Quels sont les outils qu’ils jugent incontournables pour un dialogue social de qualité ? Quelles opportunités et quels risques sont-ils susceptibles de générer ?
Quels impacts produisent-ils sur la mission des instances représentatives du personnel ?

Ces questions sont au centre de la réflexion menée dans le mémoire. Elles sont posées dans le cadre d’une enquête qualitative réalisée entre janvier et mars 2015 auprès de managers d’élus, de salariés travaillant à la DRH et de représentants du personnel d’ORANGE. La méthodologie s’est appuyée sur des entretiens individuels d’une durée d’une heure environ sur un panel de 25 personnes.

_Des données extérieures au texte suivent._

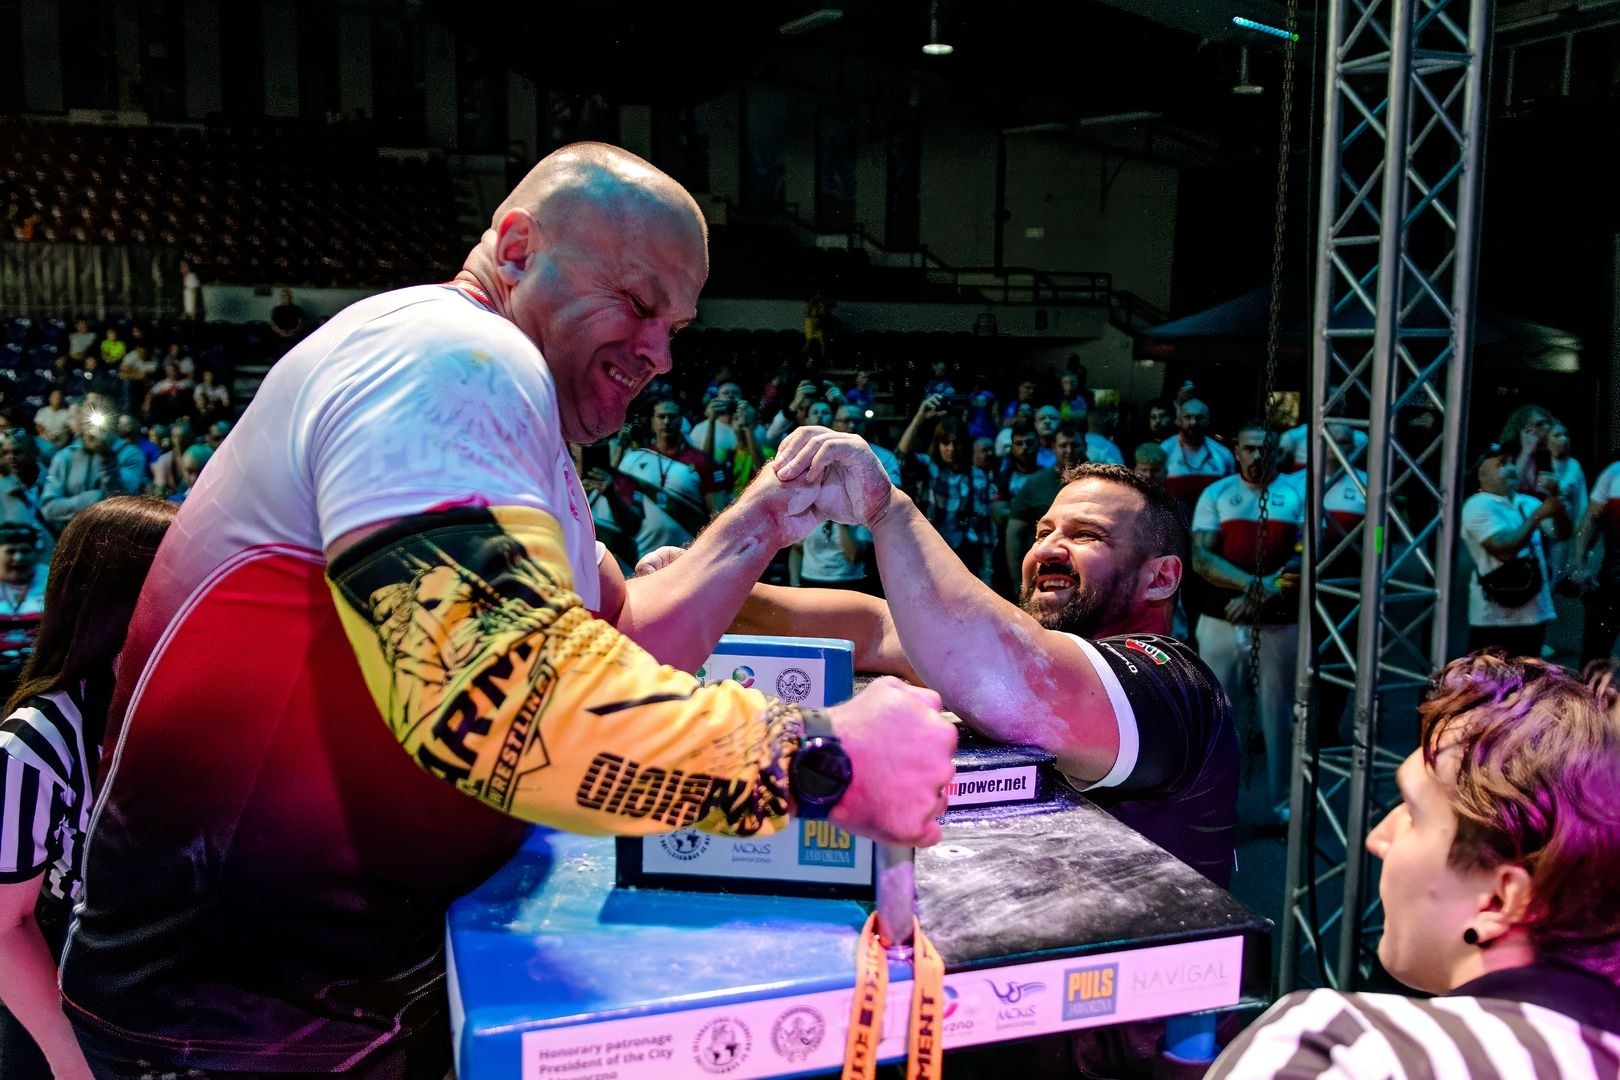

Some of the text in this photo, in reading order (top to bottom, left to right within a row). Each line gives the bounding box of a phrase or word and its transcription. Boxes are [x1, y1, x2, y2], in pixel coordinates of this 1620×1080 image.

[804, 819, 851, 849] PULS
[1068, 968, 1114, 1002] PULS
[539, 1033, 672, 1060] Honorary patronage
[539, 1047, 673, 1074] President of the City

Il en ressort que le digital n’a pas vocation à précipiter dans le vide la performance économique et sociale de l’entreprise. L’ enquête a d’ailleurs mis en lumière le fait que le digital n’a pas les effets pathogènes redoutés. L’immense majorité des sondés s’accorde à reconnaître que le digital simplifie le quotidien. Une forme de maturité liée à la pratique répétée des outils, sous toutes ses facettes, et notamment collaboratives tend à prouver que l’usage est sous contrôle. Néanmoins, le bilatéralisme qui prévaut jusqu’à maintenant dans la relation entre les représentants du personnel et représentants de la direction pourrait être remis en cause au profit d’une relation triangulaire au sein de laquelle s’inviteront les salariés.

Les réponses apportées par ces différents utilisateurs de la digitalisation ont ouvert les pistes de réflexion qui constituent l’axe fondateur et central d’une proposition d’ accord à négocier qui peut se découper en trois grands axes :

1-Mettre en place de nouveaux espaces d’échanges collaboratifs et de prospective :

  • Création d’un espace mixte salariés / IRP-OS avec des communautés par thème afin de favoriser l’interaction salariés/IRP.
  • Création d’une communauté partagée entre IRP-OS / RH pour partager les projets d’accords ,favoriser le travail collaboratif.

2-Accompagner l’utilisation des outils

  • Privilégier les réunions par visio
  • Mettre en place des tutoriels sur la BDES par exemple et faire ainsi monter les acteurs en compétences
  • Maitriser les risques portés par le digital   Actions de prévention, exercice du droit à la déconnexion

3-Renforcer l’efficacité du dialogue social

  • Interroger les salariés sur la digitalisation pour un suivi dans le baromètre social
  • Bilan annuel de formation incluant le nombre de salariés formés au dialogue social et à la BDES
  • Utiliser la BDES comme un outil de performance partagé entre OS et DRH

Le digital ouvre encore des perspectives très favorables s’il parvient à fédérer de nouvelles énergies et de nouvelles idées. Orange s’emploie à l’accompagnement des salariés dans les nouveaux modes de fonctionnement induits par le digital et à faire en sorte que chacun évolue avec facilité dans ces nouveaux environnements. Pour gagner ce défi, les partenaires sociaux devront mettre à profit la formule sage et éclairée du célèbre économiste et essayiste britannique John Maynard KEYNES « la difficulté n’est pas de comprendre les idées nouvelles, mais d’échapper aux anciennes ».